That is so sad, and sweet and happy all rolled into one. I don't know if I should cry or clap. I'm so happy you found Gemma.


----------



## LittleGemma (Apr 1, 2012)

carrieandcricket said:


> That is so sad, and sweet and happy all rolled into one. I don't know if I should cry or clap. I'm so happy you found Gemma.


Aw, thank you. I'm so happy we found her too. Couldn't have dreamed of a more perfect puppy for us.


----------



## lulu'smom (Jan 4, 2012)

carrieandcricket said:


> That is so sad, and sweet and happy all rolled into one. I don't know if I should cry or clap. I'm so happy you found Gemma.

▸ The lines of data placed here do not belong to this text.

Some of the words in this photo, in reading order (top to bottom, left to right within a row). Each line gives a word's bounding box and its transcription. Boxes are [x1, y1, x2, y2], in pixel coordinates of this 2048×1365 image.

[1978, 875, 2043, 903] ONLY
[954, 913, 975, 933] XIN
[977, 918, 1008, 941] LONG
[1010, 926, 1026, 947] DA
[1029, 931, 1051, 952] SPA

I agree. Caitlin, you amaze me. At your age--your bravery, your adventure! I like to see people getting all they want out of life. That said, I must admit if I was your mom what hair I had not pulled out would be gray!! LOL But ask my boys I am a hovering control freak. If you have ever watched the TV show Everybody Loves Raymond and seen Ray's mom Marie--my boys will tell you I am Marie.


----------



## LittleGemma (Apr 1, 2012)

lulu'smom said:


> I agree. Caitlin, you amaze me. At your age--your bravery, your adventure! I like to see people getting all they want out of life. That said, I must admit if I was your mom what hair I had not pulled out would be gray!! LOL But ask my boys I am a hovering control freak. If you have ever watched the TV show Everybody Loves Raymond and seen Ray's mom Marie--my boys will tell you I am Marie.


That's sweet Tina. I do not amaze myself. I'm actually quite unhappy with what I've accomplished in life so far. I felt really terrible and guilty about leaving Kina behind after I left for months. Knowing she's happy and well cared for has helped ease my feelings of guilt now.

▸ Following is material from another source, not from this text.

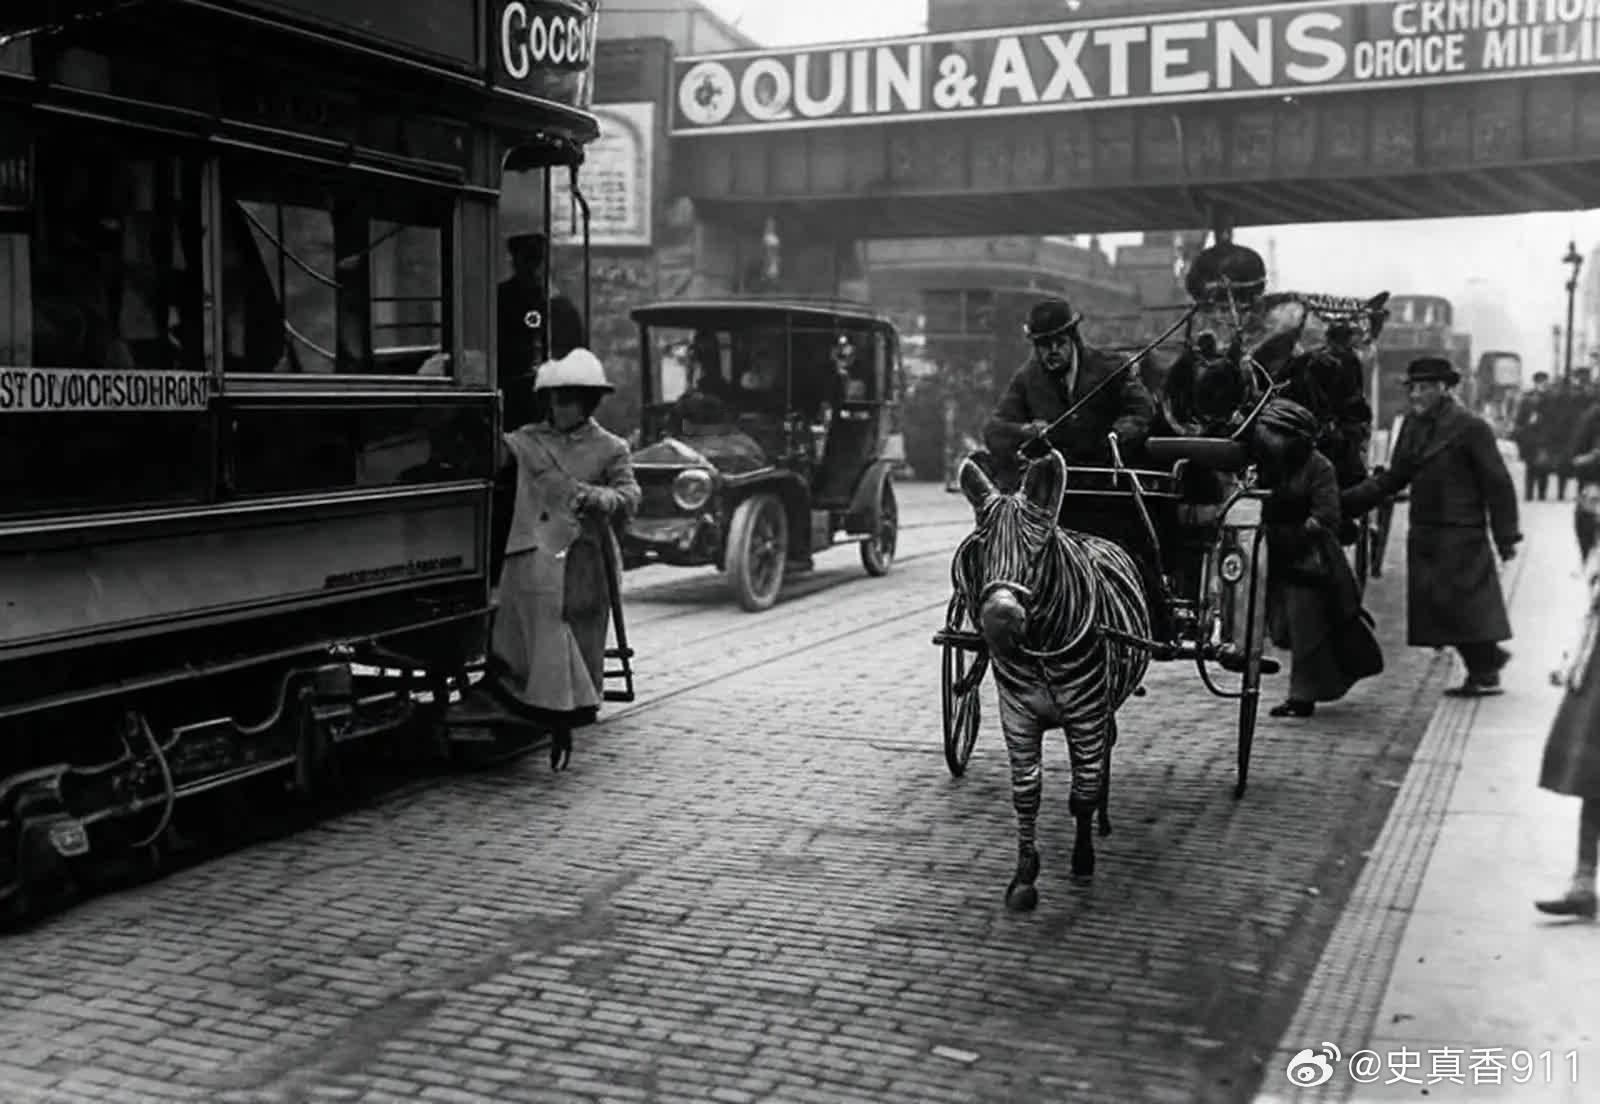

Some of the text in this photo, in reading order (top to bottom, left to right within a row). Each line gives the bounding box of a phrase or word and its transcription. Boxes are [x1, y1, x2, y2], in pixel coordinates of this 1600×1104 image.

[740, 12, 1347, 121] QUIN & AXTENS

My Mom has definitely gained a few grays from me over the past two years, lol. My move to Sweden has been really rough on her.


----------



## lulu'smom (Jan 4, 2012)

LittleGemma said:


> That's sweet Tina. I do not amaze myself. I'm actually quite unhappy with what I've accomplished in life so far. I felt really terrible and guilty about leaving Kina behind after I left for months. Knowing she's happy and well cared for has helped ease my feelings of guilt now.
> 
> My Mom has definitely gained a few grays from me over the past two years, lol. My move to Sweden has been really rough on her.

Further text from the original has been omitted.